Recharging a drained brain

Brain Drain game
Β© What What /

I’ve spent the past six months in servitude to my work in progress. My daily word counts have been massively helped by writing marathons, like the Ruby Slippered Sisterhood‘s Winter Writing Festival and Savvy Authors’ May Bootcamp.

These helped me finish my first draft just a few days after my husband finished writing his PhD.

The last two months have been particularly difficult for us as we both spent every waking hour writing writing writing. My husband handed his PhD in a week ago, and I sent my draft off to readers on Saturday.

Then we both hit a wall. After going to the library every day (yes, even Saturdays) from opening to closing for months, my husband didn’t quite know what to do with himself this week.

After spending hours getting words on paper and crafting my story, I’ve been feeling brain dead.

But the process isn’t finished for either of us. My husband will have to defend his PhD in just over a month, and I’ll have to make (probably significant) changes to my story once my readers get back to me.

So how do you recharge yourself when you’ve given everything yet know you need to gear up for round two?

Here’s what I’ve been doing.

1. Make time for all the things you sacrifice when you’re in your writing cave.

Cream tea
Cream tea:

For me, that’s things like watching The Apprentice (British version) and laughing at how the candidates’ arrogance is directly proportionate to their ineptitude. This week, I’ve also been cooking dinners with my husband instead of buying ready-meals. My husband spent Tuesday at Lords watching cricket. And we spent several hours at the beach in Norfolk, followed by sharing a cream tea in a pub on Saturday.

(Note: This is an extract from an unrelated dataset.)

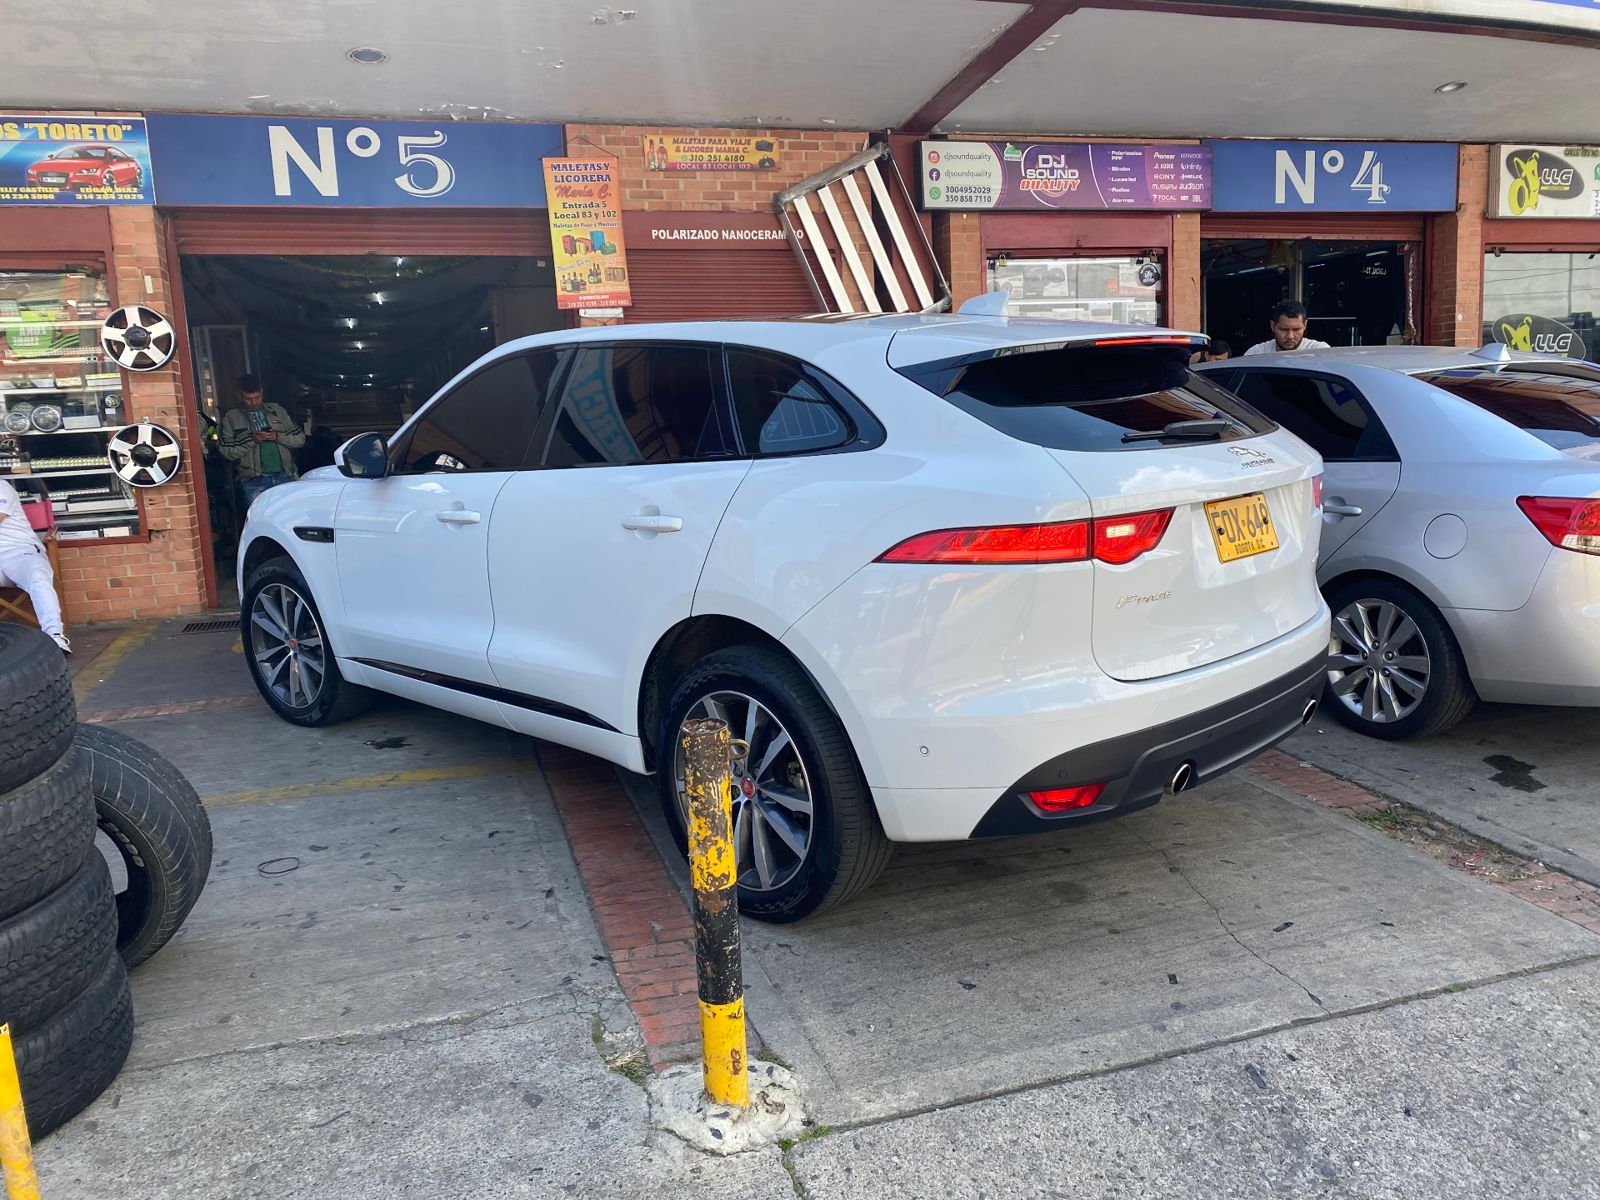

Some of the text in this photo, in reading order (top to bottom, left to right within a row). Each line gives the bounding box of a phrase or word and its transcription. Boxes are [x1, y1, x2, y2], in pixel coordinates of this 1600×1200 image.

2. Don’t come to jarring halt.

I always have plenty of writing-related things to do – whether it’s critiques for my friends, writing blog posts or reviewing books. But this week I’ve focused on getting my pitch ready for RWA Nationals. I’m still doing something productive, but it’s a small, manageable project and helps me keep my head in my story.

I always find that motivation is difficult to kick-start once I’ve put a project aside for a while.

How do you refresh yourself after hitting a milestone in a big project?


  1. I usually hit a wall, utterly exhausted, and vow to do nothing writing-related for a week. Usually, by day two, I’m cooking up new things to work on. Something about deciding NOT to do anything writing-related gets my batteries to recharge. Of course one of these days, I could just toss it off and go back to quilting πŸ™‚

    1. No – never! As gorgeous as your quilts are, Suz, I don’t ever want you to give up writing. πŸ™‚

      That said, there’s nothing wrong with taking a mental break by doing something else creative, like quilting. Which reminds me, I still owe my nephew a baby quilt.

  2. When I feel drained I spend time with things that don’t take much brain-power. A walk in the park, watching a comedy movie, cooking a new dish or simply watching some trashy reality TV show; there is always humor it that!!

    1. Sounds wonderfully peaceful, Triplicity! And since I’m reading this on a Monday morning before heading to work, your words make me yearn for another day to relax!